- Exercise objective: Would you return the listing that follows exactly, leaving its pictures behind?

- Record extracts:
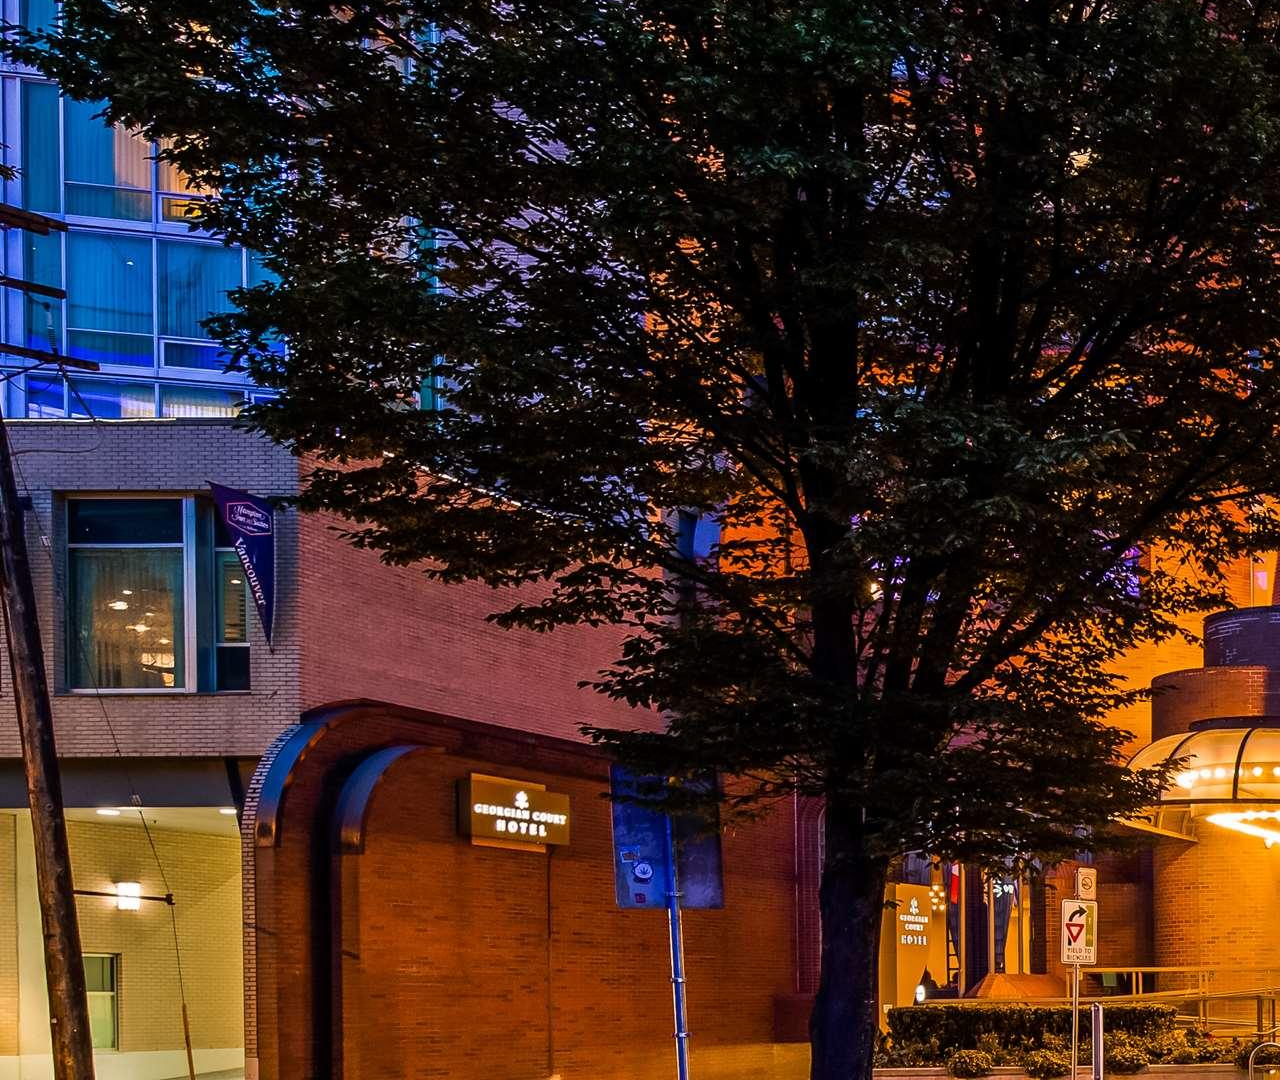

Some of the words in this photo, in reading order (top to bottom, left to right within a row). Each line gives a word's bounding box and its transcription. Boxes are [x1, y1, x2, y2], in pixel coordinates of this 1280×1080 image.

[235, 537, 266, 608] Vancouver
[474, 803, 530, 820] GEORGIAN
[532, 811, 567, 825] COURT
[496, 819, 547, 837] HOTEL
[901, 934, 927, 946] HOTEL
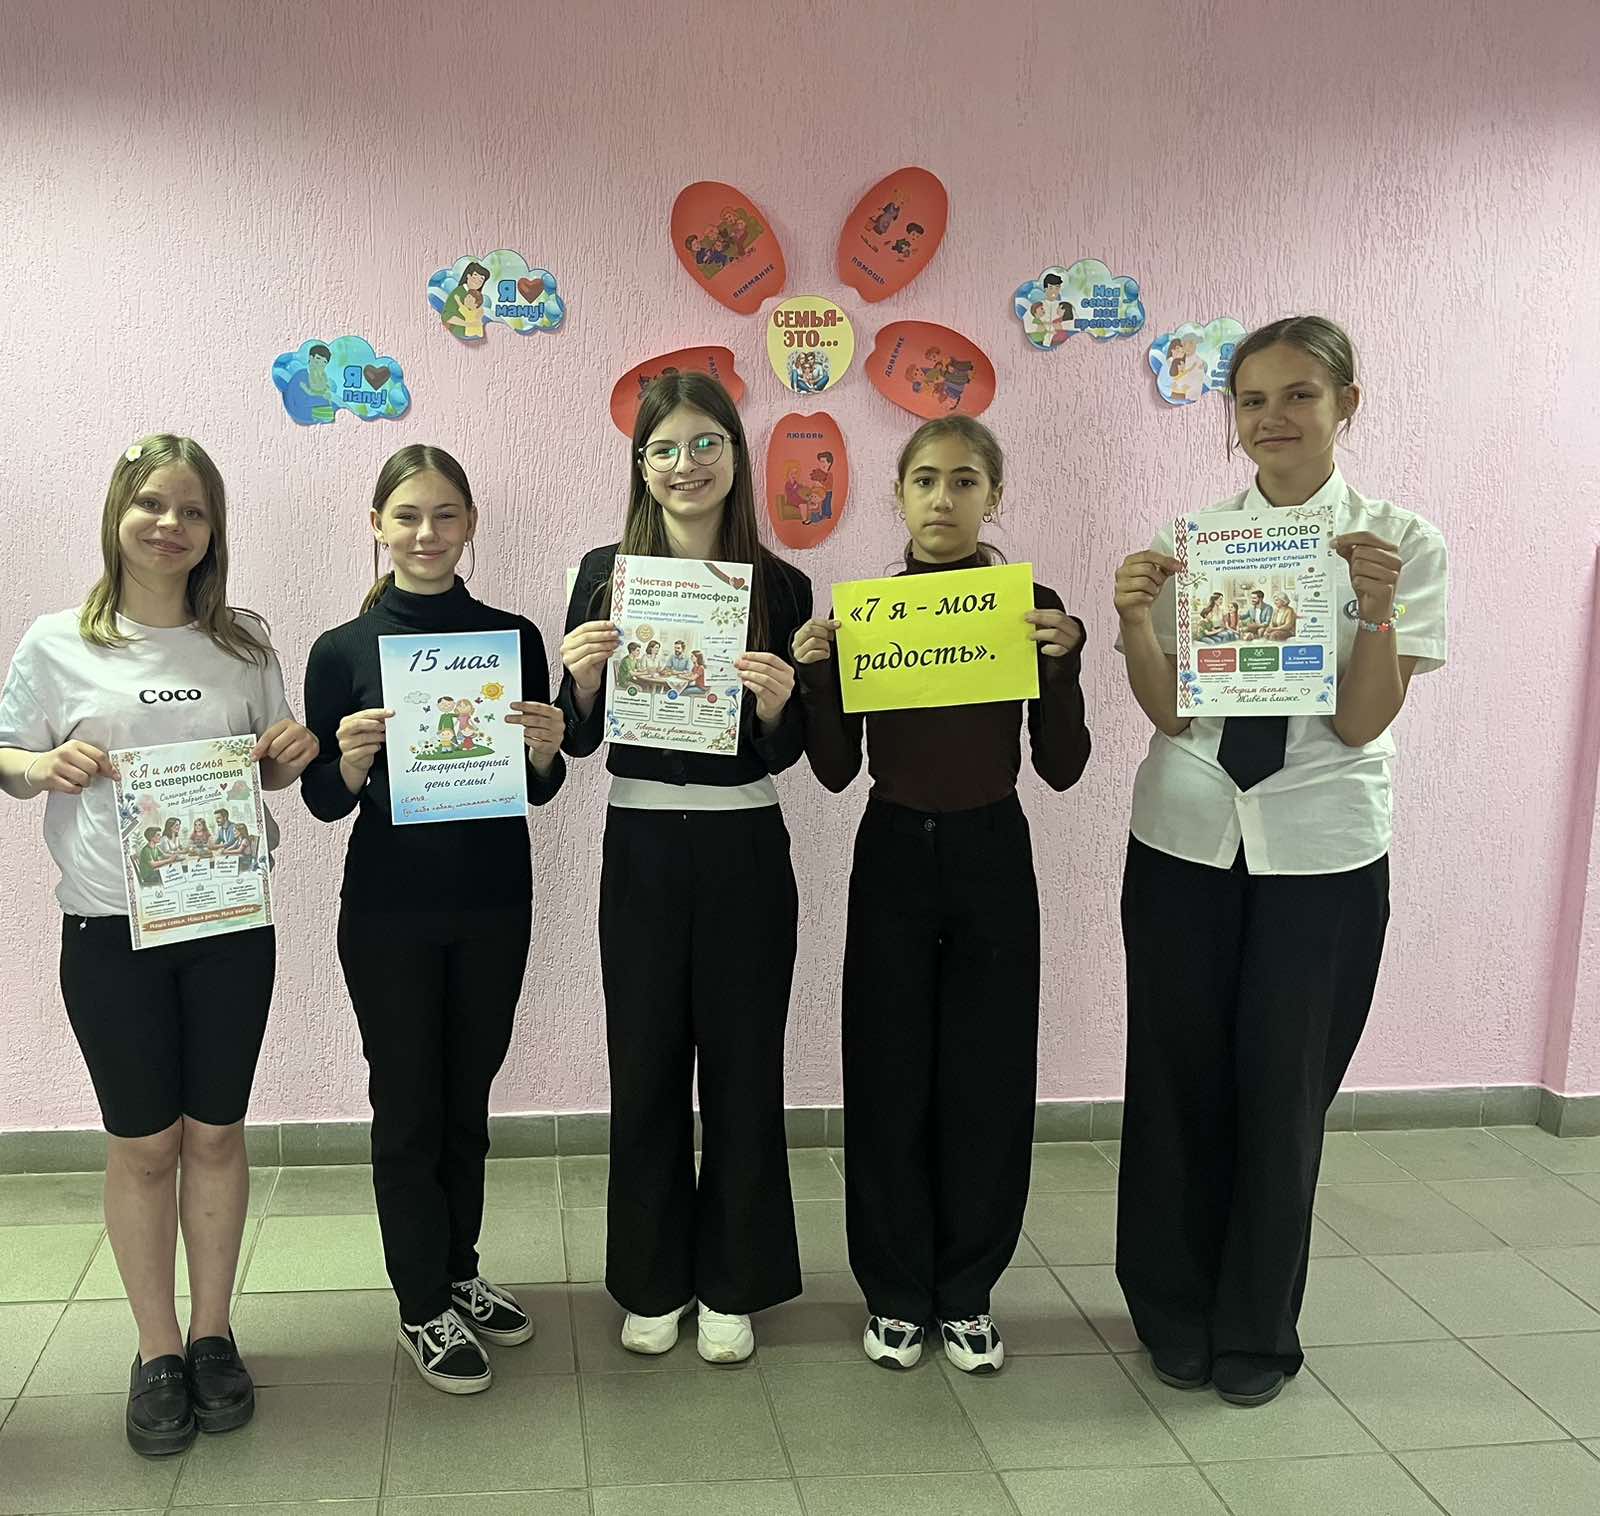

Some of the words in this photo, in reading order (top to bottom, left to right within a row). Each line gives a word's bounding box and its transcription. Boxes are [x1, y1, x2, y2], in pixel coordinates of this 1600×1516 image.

[851, 256, 886, 285] ПОМОЩЬ
[732, 263, 775, 298] ВНИМАНИЕ
[497, 279, 516, 303] Я
[1093, 285, 1120, 297] Моя
[496, 302, 545, 321] маму!
[773, 309, 844, 328] СЕМЬЯ-
[1093, 309, 1118, 318] моя
[784, 330, 838, 348] ЭТО...
[884, 336, 905, 377] ДОВЕРИЕ
[343, 365, 362, 388] Я
[343, 389, 387, 408] папу!
[786, 432, 824, 440] ЛЮБОВЬ
[1196, 528, 1263, 545] ДОБРОЕ
[1266, 524, 1320, 538] СЛОВО
[1225, 538, 1321, 554] СБЛИЖАЕТ
[1246, 556, 1280, 564] помогает
[630, 577, 672, 587] «Чистая
[675, 580, 700, 590] речь
[628, 598, 661, 607] дома»
[629, 588, 679, 598] здоровая
[681, 592, 739, 604] атмосфера
[850, 597, 881, 623] «7
[888, 601, 908, 621] я
[935, 592, 998, 616] моя
[409, 648, 441, 672] 15
[444, 654, 500, 671] мая
[852, 641, 996, 681] радость».
[138, 688, 202, 704] Coco
[1221, 686, 1257, 695] Говорим
[129, 763, 149, 778] «Я
[164, 764, 186, 775] моя
[190, 758, 223, 771] семья
[406, 755, 511, 774] Международный
[131, 779, 152, 791] без
[154, 768, 244, 787] сквернословия
[424, 779, 451, 792] день
[453, 772, 495, 787] семьи!
[205, 789, 222, 799] слова
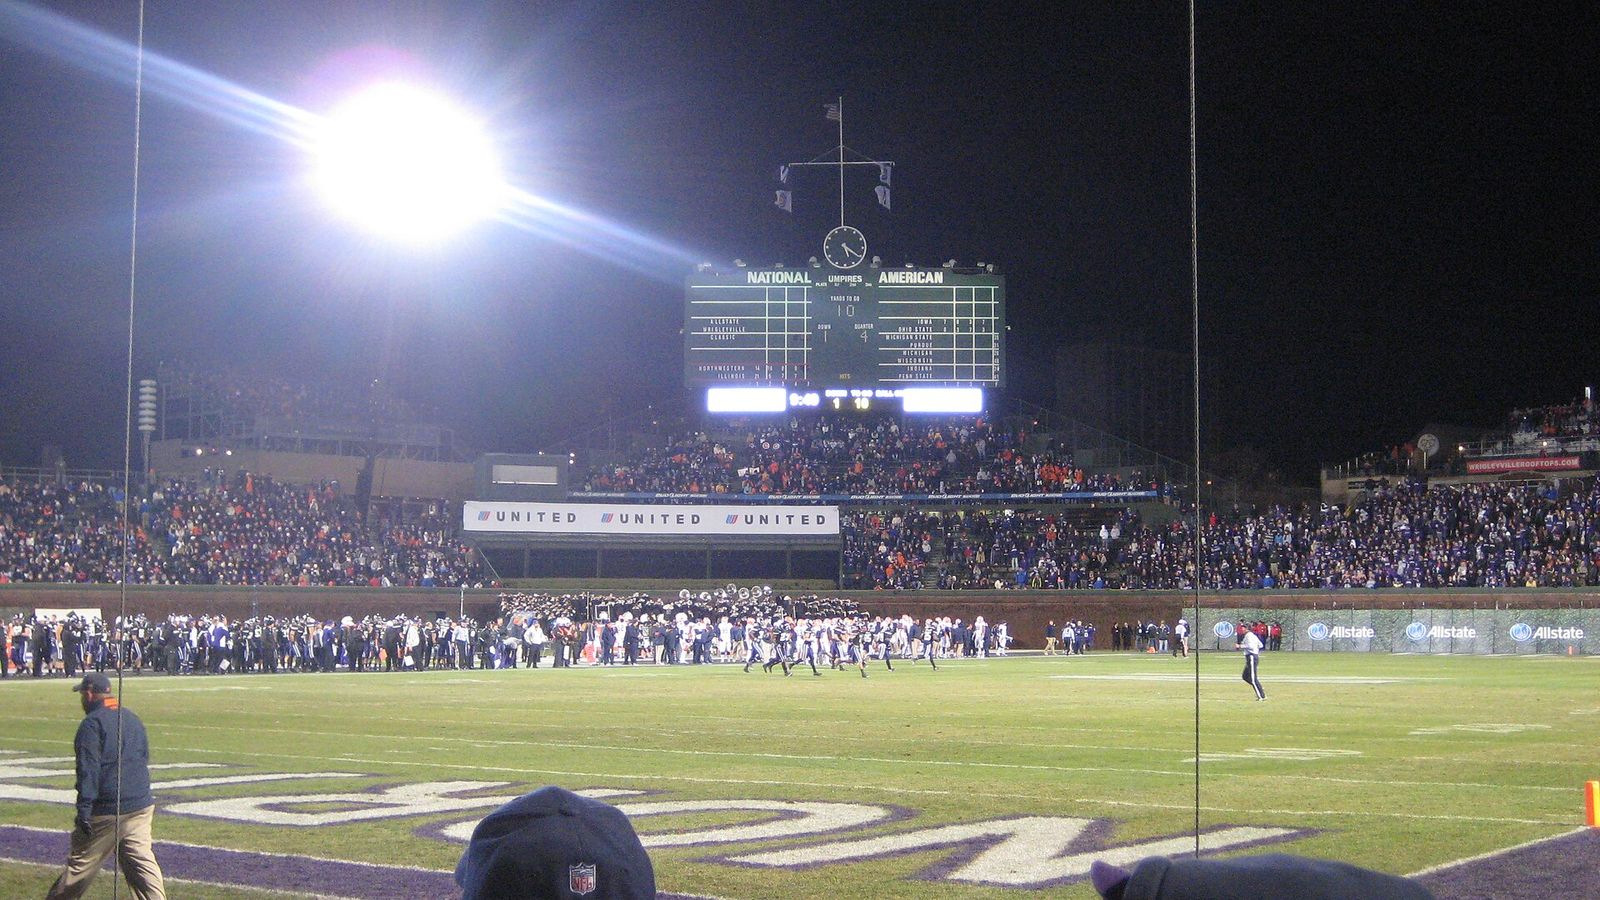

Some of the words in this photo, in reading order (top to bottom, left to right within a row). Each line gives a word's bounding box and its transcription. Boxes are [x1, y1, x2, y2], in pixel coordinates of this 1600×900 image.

[747, 271, 812, 284] NATIONAL
[828, 275, 863, 283] UMPIRES
[878, 271, 944, 284] AMERICAN
[859, 330, 868, 343] 4
[832, 397, 840, 409] 1
[854, 397, 869, 409] 10
[496, 511, 577, 523] UNITED
[619, 513, 700, 525] UNITED
[744, 514, 826, 525] UNITED
[1328, 626, 1374, 638] Allstate
[1427, 625, 1476, 638] Allstate
[1532, 626, 1584, 639] Allstate
[574, 877, 594, 892] NFL

- Result for this exercise:
Some of the words in this photo, in reading order (top to bottom, left to right within a row). Each line gives a word's bounding box and its transcription. Boxes are [x1, y1, x2, y2], in pixel coordinates of this 1280×1080 image.

[235, 537, 266, 608] Vancouver
[474, 803, 530, 820] GEORGIAN
[532, 811, 567, 825] COURT
[496, 819, 547, 837] HOTEL
[901, 934, 927, 946] HOTEL

Some of the words in this photo, in reading order (top to bottom, left to right within a row). Each line gives a word's bounding box and its transcription. Boxes are [x1, y1, x2, y2], in pixel coordinates of this 1600×1516 image.

[851, 256, 886, 285] ПОМОЩЬ
[732, 263, 775, 298] ВНИМАНИЕ
[497, 279, 516, 303] Я
[1093, 285, 1120, 297] Моя
[496, 302, 545, 321] маму!
[773, 309, 844, 328] СЕМЬЯ-
[1093, 309, 1118, 318] моя
[784, 330, 838, 348] ЭТО...
[884, 336, 905, 377] ДОВЕРИЕ
[343, 365, 362, 388] Я
[343, 389, 387, 408] папу!
[786, 432, 824, 440] ЛЮБОВЬ
[1196, 528, 1263, 545] ДОБРОЕ
[1266, 524, 1320, 538] СЛОВО
[1225, 538, 1321, 554] СБЛИЖАЕТ
[1246, 556, 1280, 564] помогает
[630, 577, 672, 587] «Чистая
[675, 580, 700, 590] речь
[628, 598, 661, 607] дома»
[629, 588, 679, 598] здоровая
[681, 592, 739, 604] атмосфера
[850, 597, 881, 623] «7
[888, 601, 908, 621] я
[935, 592, 998, 616] моя
[409, 648, 441, 672] 15
[444, 654, 500, 671] мая
[852, 641, 996, 681] радость».
[138, 688, 202, 704] Coco
[1221, 686, 1257, 695] Говорим
[129, 763, 149, 778] «Я
[164, 764, 186, 775] моя
[190, 758, 223, 771] семья
[406, 755, 511, 774] Международный
[131, 779, 152, 791] без
[154, 768, 244, 787] сквернословия
[424, 779, 451, 792] день
[453, 772, 495, 787] семьи!
[205, 789, 222, 799] слова

Some of the words in this photo, in reading order (top to bottom, left to right within a row). Each line gives a word's bounding box and its transcription. Boxes are [x1, y1, x2, y2], in pixel coordinates of this 1600×900 image.

[747, 271, 812, 284] NATIONAL
[828, 275, 863, 283] UMPIRES
[878, 271, 944, 284] AMERICAN
[859, 330, 868, 343] 4
[832, 397, 840, 409] 1
[854, 397, 869, 409] 10
[496, 511, 577, 523] UNITED
[619, 513, 700, 525] UNITED
[744, 514, 826, 525] UNITED
[1328, 626, 1374, 638] Allstate
[1427, 625, 1476, 638] Allstate
[1532, 626, 1584, 639] Allstate
[574, 877, 594, 892] NFL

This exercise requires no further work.